=== THE TASK ===
Repeat the whole listing exactly as it appears.

=== DATA SECTION ===
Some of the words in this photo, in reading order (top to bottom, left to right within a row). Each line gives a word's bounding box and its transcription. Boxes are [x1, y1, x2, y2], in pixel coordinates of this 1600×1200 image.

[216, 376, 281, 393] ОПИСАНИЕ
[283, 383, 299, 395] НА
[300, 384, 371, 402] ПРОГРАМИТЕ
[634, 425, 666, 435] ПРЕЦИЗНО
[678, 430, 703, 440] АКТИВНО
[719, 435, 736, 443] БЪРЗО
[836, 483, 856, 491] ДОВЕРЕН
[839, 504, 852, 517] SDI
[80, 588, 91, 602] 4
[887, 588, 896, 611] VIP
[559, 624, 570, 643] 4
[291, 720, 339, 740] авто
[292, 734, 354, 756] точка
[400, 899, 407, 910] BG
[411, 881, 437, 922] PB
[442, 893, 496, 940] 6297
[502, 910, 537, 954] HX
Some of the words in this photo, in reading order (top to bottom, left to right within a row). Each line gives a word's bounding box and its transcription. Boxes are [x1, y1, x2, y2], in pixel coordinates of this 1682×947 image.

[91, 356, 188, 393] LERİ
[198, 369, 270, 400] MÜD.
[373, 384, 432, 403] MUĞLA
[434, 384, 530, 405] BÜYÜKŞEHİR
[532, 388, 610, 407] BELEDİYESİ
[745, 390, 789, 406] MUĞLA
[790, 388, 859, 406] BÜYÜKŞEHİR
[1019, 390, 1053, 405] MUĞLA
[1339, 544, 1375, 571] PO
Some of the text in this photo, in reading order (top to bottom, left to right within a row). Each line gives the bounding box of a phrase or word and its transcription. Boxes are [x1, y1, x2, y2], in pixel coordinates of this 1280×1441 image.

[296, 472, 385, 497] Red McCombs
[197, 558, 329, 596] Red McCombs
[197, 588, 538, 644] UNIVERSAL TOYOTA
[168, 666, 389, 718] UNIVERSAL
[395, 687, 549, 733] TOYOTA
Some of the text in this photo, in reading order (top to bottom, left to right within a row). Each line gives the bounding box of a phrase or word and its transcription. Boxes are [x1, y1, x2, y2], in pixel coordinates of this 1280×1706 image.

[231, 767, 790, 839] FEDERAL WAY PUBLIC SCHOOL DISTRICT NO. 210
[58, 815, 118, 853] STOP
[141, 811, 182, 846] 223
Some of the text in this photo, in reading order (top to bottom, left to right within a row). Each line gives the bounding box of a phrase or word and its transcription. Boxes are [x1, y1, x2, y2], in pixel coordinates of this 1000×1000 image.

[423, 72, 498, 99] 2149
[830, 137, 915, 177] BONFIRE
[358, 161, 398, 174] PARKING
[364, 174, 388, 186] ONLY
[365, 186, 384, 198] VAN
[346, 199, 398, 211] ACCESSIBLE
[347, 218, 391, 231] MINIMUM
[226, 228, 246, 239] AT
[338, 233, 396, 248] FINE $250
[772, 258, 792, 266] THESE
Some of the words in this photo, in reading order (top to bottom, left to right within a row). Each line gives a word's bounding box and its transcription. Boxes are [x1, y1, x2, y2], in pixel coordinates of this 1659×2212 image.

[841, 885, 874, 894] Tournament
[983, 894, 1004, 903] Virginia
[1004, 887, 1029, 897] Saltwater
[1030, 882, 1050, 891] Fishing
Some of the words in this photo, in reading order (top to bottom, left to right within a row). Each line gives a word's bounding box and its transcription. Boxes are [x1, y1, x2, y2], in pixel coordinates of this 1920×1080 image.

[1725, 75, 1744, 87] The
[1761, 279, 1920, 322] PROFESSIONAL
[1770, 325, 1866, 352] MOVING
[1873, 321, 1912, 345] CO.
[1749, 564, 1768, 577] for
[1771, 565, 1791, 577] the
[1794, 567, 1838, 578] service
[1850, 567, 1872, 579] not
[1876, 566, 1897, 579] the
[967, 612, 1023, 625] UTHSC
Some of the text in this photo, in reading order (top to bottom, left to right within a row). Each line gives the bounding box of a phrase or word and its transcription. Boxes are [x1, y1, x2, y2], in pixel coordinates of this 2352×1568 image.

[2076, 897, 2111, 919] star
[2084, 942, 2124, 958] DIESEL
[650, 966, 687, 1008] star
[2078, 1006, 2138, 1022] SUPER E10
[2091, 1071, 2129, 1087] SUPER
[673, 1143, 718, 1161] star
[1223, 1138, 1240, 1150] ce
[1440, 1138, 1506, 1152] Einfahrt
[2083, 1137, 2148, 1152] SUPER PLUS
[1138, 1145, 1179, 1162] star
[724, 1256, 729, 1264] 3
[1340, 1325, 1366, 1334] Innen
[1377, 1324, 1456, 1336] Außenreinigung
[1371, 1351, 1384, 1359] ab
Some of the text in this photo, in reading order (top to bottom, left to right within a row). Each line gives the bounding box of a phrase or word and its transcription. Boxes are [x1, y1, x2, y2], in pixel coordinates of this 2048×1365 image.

=== SOLUTION FOR THIS EXERCISE ===
Some of the words in this photo, in reading order (top to bottom, left to right within a row). Each line gives a word's bounding box and its transcription. Boxes are [x1, y1, x2, y2], in pixel coordinates of this 1600×1200 image.

[216, 376, 281, 393] ОПИСАНИЕ
[283, 383, 299, 395] НА
[300, 384, 371, 402] ПРОГРАМИТЕ
[634, 425, 666, 435] ПРЕЦИЗНО
[678, 430, 703, 440] АКТИВНО
[719, 435, 736, 443] БЪРЗО
[836, 483, 856, 491] ДОВЕРЕН
[839, 504, 852, 517] SDI
[80, 588, 91, 602] 4
[887, 588, 896, 611] VIP
[559, 624, 570, 643] 4
[291, 720, 339, 740] авто
[292, 734, 354, 756] точка
[400, 899, 407, 910] BG
[411, 881, 437, 922] PB
[442, 893, 496, 940] 6297
[502, 910, 537, 954] HX
Some of the words in this photo, in reading order (top to bottom, left to right within a row). Each line gives a word's bounding box and its transcription. Boxes are [x1, y1, x2, y2], in pixel coordinates of this 1682×947 image.

[91, 356, 188, 393] LERİ
[198, 369, 270, 400] MÜD.
[373, 384, 432, 403] MUĞLA
[434, 384, 530, 405] BÜYÜKŞEHİR
[532, 388, 610, 407] BELEDİYESİ
[745, 390, 789, 406] MUĞLA
[790, 388, 859, 406] BÜYÜKŞEHİR
[1019, 390, 1053, 405] MUĞLA
[1339, 544, 1375, 571] PO
Some of the text in this photo, in reading order (top to bottom, left to right within a row). Each line gives the bounding box of a phrase or word and its transcription. Boxes are [x1, y1, x2, y2], in pixel coordinates of this 1280×1441 image.

[296, 472, 385, 497] Red McCombs
[197, 558, 329, 596] Red McCombs
[197, 588, 538, 644] UNIVERSAL TOYOTA
[168, 666, 389, 718] UNIVERSAL
[395, 687, 549, 733] TOYOTA
Some of the text in this photo, in reading order (top to bottom, left to right within a row). Each line gives the bounding box of a phrase or word and its transcription. Boxes are [x1, y1, x2, y2], in pixel coordinates of this 1280×1706 image.

[231, 767, 790, 839] FEDERAL WAY PUBLIC SCHOOL DISTRICT NO. 210
[58, 815, 118, 853] STOP
[141, 811, 182, 846] 223
Some of the text in this photo, in reading order (top to bottom, left to right within a row). Each line gives the bounding box of a phrase or word and its transcription. Boxes are [x1, y1, x2, y2], in pixel coordinates of this 1000×1000 image.

[423, 72, 498, 99] 2149
[830, 137, 915, 177] BONFIRE
[358, 161, 398, 174] PARKING
[364, 174, 388, 186] ONLY
[365, 186, 384, 198] VAN
[346, 199, 398, 211] ACCESSIBLE
[347, 218, 391, 231] MINIMUM
[226, 228, 246, 239] AT
[338, 233, 396, 248] FINE $250
[772, 258, 792, 266] THESE
Some of the words in this photo, in reading order (top to bottom, left to right within a row). Each line gives a word's bounding box and its transcription. Boxes are [x1, y1, x2, y2], in pixel coordinates of this 1659×2212 image.

[841, 885, 874, 894] Tournament
[983, 894, 1004, 903] Virginia
[1004, 887, 1029, 897] Saltwater
[1030, 882, 1050, 891] Fishing
Some of the words in this photo, in reading order (top to bottom, left to right within a row). Each line gives a word's bounding box and its transcription. Boxes are [x1, y1, x2, y2], in pixel coordinates of this 1920×1080 image.

[1725, 75, 1744, 87] The
[1761, 279, 1920, 322] PROFESSIONAL
[1770, 325, 1866, 352] MOVING
[1873, 321, 1912, 345] CO.
[1749, 564, 1768, 577] for
[1771, 565, 1791, 577] the
[1794, 567, 1838, 578] service
[1850, 567, 1872, 579] not
[1876, 566, 1897, 579] the
[967, 612, 1023, 625] UTHSC
Some of the text in this photo, in reading order (top to bottom, left to right within a row). Each line gives the bounding box of a phrase or word and its transcription. Boxes are [x1, y1, x2, y2], in pixel coordinates of this 2352×1568 image.

[2076, 897, 2111, 919] star
[2084, 942, 2124, 958] DIESEL
[650, 966, 687, 1008] star
[2078, 1006, 2138, 1022] SUPER E10
[2091, 1071, 2129, 1087] SUPER
[673, 1143, 718, 1161] star
[1223, 1138, 1240, 1150] ce
[1440, 1138, 1506, 1152] Einfahrt
[2083, 1137, 2148, 1152] SUPER PLUS
[1138, 1145, 1179, 1162] star
[724, 1256, 729, 1264] 3
[1340, 1325, 1366, 1334] Innen
[1377, 1324, 1456, 1336] Außenreinigung
[1371, 1351, 1384, 1359] ab
Some of the text in this photo, in reading order (top to bottom, left to right within a row). Each line gives the bounding box of a phrase or word and its transcription. Boxes are [x1, y1, x2, y2], in pixel coordinates of this 2048×1365 image.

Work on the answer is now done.